Caballo

Dispatch from Argentina.

Today I rode a horse. Like me, he was a little recalcitrant and trotted when he should have been walking across the sunny field in the Argentine country side. Our gaucho guide had to remonstrate with the horse because my “damnits” and “ho there’s” didn’t really work. I love horses because they are beautiful and have very distinct personalities and I loved riding this one.
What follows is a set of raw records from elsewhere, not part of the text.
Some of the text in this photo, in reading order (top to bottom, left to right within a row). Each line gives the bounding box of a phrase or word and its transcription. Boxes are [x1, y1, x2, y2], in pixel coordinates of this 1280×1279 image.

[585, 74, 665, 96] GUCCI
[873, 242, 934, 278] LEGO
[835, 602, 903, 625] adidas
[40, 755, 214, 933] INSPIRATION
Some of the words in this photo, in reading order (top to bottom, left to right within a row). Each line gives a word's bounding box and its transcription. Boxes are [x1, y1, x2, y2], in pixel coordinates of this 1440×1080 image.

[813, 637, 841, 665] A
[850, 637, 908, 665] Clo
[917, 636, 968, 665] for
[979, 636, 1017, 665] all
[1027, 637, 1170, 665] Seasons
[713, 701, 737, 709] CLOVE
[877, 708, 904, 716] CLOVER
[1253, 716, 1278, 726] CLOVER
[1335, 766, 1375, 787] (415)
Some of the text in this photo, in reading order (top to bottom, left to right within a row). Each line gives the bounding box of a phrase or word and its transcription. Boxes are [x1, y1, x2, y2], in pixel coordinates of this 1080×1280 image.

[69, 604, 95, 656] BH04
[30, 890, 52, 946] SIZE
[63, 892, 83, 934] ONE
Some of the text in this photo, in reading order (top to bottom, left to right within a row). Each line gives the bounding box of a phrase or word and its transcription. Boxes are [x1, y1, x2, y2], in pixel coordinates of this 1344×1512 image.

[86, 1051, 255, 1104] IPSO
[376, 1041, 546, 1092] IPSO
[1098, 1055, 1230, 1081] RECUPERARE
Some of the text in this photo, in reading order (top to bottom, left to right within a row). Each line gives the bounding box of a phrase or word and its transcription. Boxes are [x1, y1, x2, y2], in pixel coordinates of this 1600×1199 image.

We visited Santa Susana ranch, about 50 miles outside of Buenos Aires. It was a working farm at one time but now its owners make much more from tourism. Our malapropist tour guide told us it is the “disneyland of gaucho ranches”, but I found it to be fascinating and fun. The horseshit was real, the tango and gaucho dance demonstration was amazing and more succulent beef.

What I’ve noticed: Uruguay and Argentina provide huge recycling bins on each corner. There are some buildings that have already started growing flowers and plants and vegetables up the sides and front of the buildings. There is free education and free healthcare in Argentina–in Uruguay people are charged 4 or 6% of their salaries for healthcare.  The governments and people believe in global warming and are committed to fighting it. In short, they are a little more civilized than ‘Merica. Or less stupid.

Our tour guide, Gerardo, had the chance, after several years of working in the US to move there. He said what made he and his wife Magdelena come back to Argentina was the fact that there is instantly a sense of community here. Moms and Dads immediately get together when their kids know each other and people are warm and visit with each other and hang out. He says he sees the typical American family as being very insular. “Come on in?” versus “Why didn’t you call first?” Hmmmm.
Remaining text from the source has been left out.